L’altro giorno, mi gustavo l’immersione nella lettura di uno degli ultimi romanzi di Philip Roth, quando sono stato stuzzicato da un’ideuzza oziosa. Così mi sono detto: perché non allietare ancora una volta i miei cari amici viandanti per pensieri con uno sfavillante sproloquio nuovo di trinca? (e poi dite che non sono un amico…).
Il romanzo in questione non è esattamente l’ultimissimo di Philip Roth. Si tratta invece di «Il fantasma esce di scena» («Exit ghost»), del 2007. Lo preciso, perché quando hai a che fare con Philip Roth, si può prendere in prestito a pieno titolo la famigerata battuta di Beppe Grillo sui computer e i dispositivi elettronici in generale.

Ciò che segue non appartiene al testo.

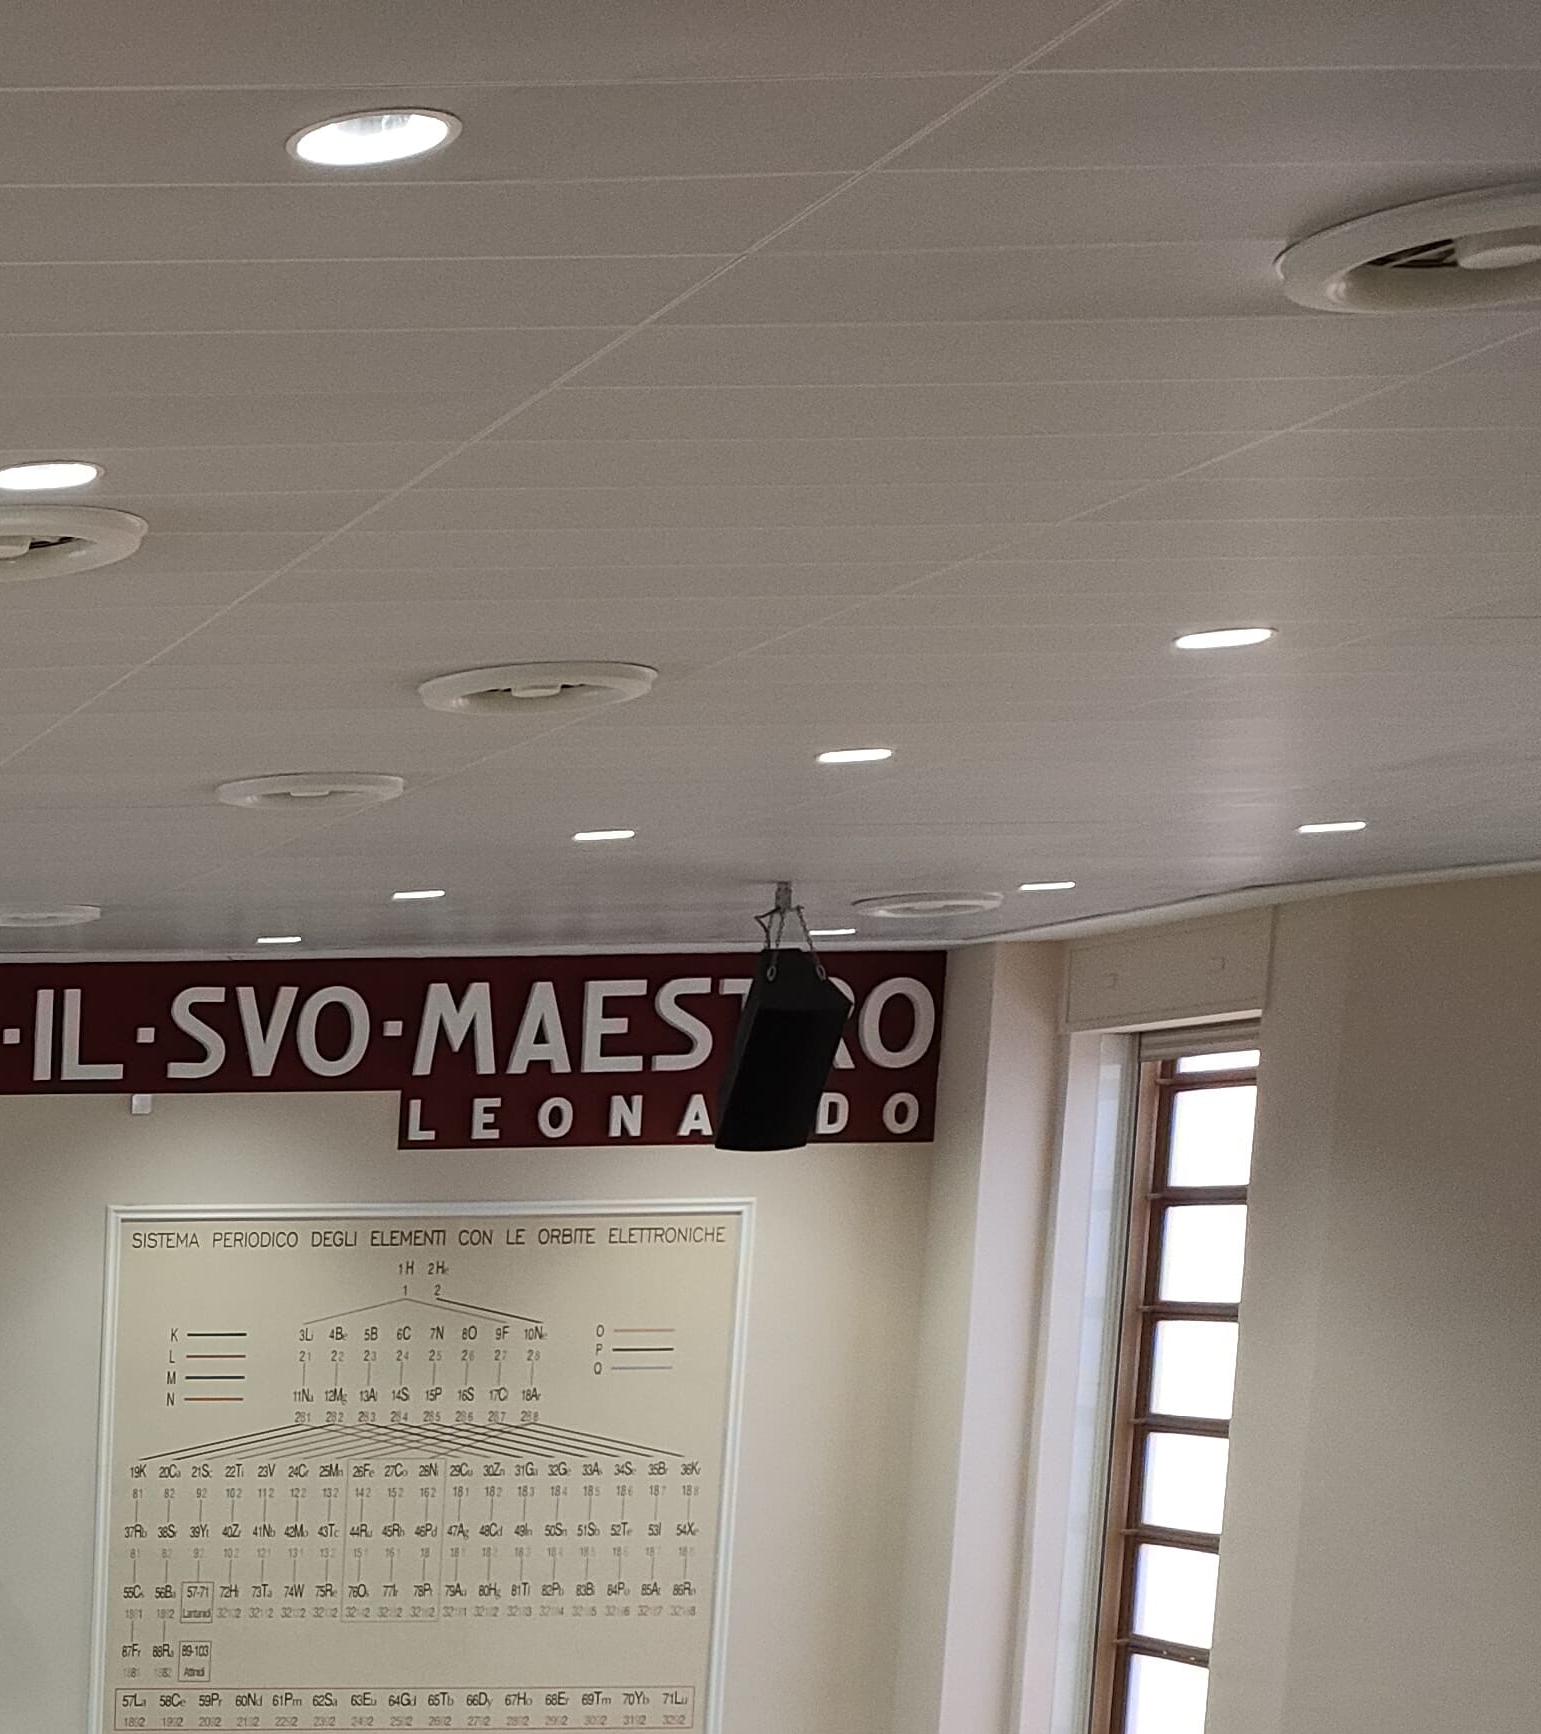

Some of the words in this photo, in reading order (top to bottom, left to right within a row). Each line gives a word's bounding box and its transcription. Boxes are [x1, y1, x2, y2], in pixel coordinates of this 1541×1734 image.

[33, 988, 123, 1081] IL
[167, 985, 371, 1078] SVO
[412, 976, 935, 1078] MAESO
[408, 1091, 919, 1142] LEONADO
[132, 1232, 200, 1248] SISTEMA
[212, 1231, 298, 1248] PERIODICO
[311, 1231, 357, 1247] DEGLI
[370, 1230, 446, 1246] ELEMENTI
[458, 1229, 493, 1246] CON
[506, 1228, 525, 1245] LE
[537, 1228, 595, 1245] ORBITE
[608, 1227, 726, 1244] ELETTRONICHE
[171, 1328, 178, 1342] K
[169, 1349, 175, 1363] L
[595, 1343, 603, 1356] P
[167, 1371, 176, 1384] M
[167, 1392, 175, 1406] N

Entri dal rivenditore iper specializzato e puoi fare di tutto per accaparrarti l’ultimissimo tipo di pc, con tutta la RAM che si può, Pentium a rotta di collo, Intel inside e outside, Centrino duo, trio e persino all’uncinetto, ma stai sicuro che puntualmente, appena messo fuori il piede dal negozio, trovi il tuo più caro amico che, data un’occhiata furtiva allo scatolone che stai reggendo, ti fa: «…Ah…hai preso il modello vecchio...».
Una cosa simile potrebbe succederti con Philip Roth.

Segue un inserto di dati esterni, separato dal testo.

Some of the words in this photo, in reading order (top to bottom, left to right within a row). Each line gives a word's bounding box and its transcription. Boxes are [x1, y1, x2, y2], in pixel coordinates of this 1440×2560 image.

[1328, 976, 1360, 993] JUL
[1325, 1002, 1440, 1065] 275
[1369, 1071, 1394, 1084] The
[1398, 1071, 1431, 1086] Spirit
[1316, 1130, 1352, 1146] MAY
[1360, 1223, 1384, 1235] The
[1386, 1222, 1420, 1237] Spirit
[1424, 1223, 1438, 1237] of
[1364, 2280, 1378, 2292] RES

Dopo il romanzo che sto leggendo io, ne avrà già scritti altri tre o quattro. Sembra una cosa buffa, a dirsi, quasi vi stessi parlando di un ordinario best-selleraro, uso a sfornare romanzetti d’appendice dalle ampie vendite ma dalle scarse vedute.
Invece la verità è che Philip Roth non sbaglia un colpo. Ogni volta si produce in un’opera complessa, densa di nuove fulgide illuminazioni proiettate sugli strambi meccanismi interni di questo bizzarro veicolo a bordo del quale ciascuno di noi è stato costretto a salire, venendo in seguito incidentalmente a sapere che si chiamava vita.
Ma qui si cincischia, qui si bastona il can per l’aia.
Veniamo al dunque, che sarà meglio.
Vi dicevo della mia micro-ideonzola scaturita leggendo «Il fantasma esce di scena». Protagonista della storia è lo scrittore Nathan Zuckerman, alter-ego romanzesco dello stesso Roth, che utilizza questo personaggio, suo parallelo di fantasia, per poter parlare in realtà di sé medesimo. Il nostro è già comparso come protagonista in altri 5 romanzi (Lo scrittore fantasma - The Ghost Writer, 1979; Zuckerman scatenato - Zuckerman Unbound, 1981; La lezione di anatomia - The Anatomy Lesson, 1983 - L'orgia di Praga - The Prague Orgy, 1985; La controvita - The Counterlife, 1986), e come voce narrante in altri 3 (Pastorale americana - American Pastoral, 1997; Ho sposato un comunista - I Married a Communist, 1998; La macchia umana - The Human Stain, 2000).
Gli ultimi tre li ho letti tutti, e sono eccezionali; dei primi invece me ne manca qualcuno, ma quel che conta è che ad un certo punto mi è venuto da chiedermi: siccome questi romanzi compongono alla fine dei conti un’unica storia articolata, possibile che lungo tutta questa trama disseminata nel corso degli anni, non ci si possa trovare mai un’incongruenza?
Non era scetticismo verso Philip Roth. Su di lui vado in fiducia, le sue trame risultano talmente “scolpite” da un punto di vista narrativo, e precise, da darmi praticamente la certezza che l’eventualità di elementi discordanti nelle vicende di Zuckerman sia pressoché nulla. Si trattava piuttosto di una considerazione generale, riguardo la struttura di una creazione artistica intesa in senso universale.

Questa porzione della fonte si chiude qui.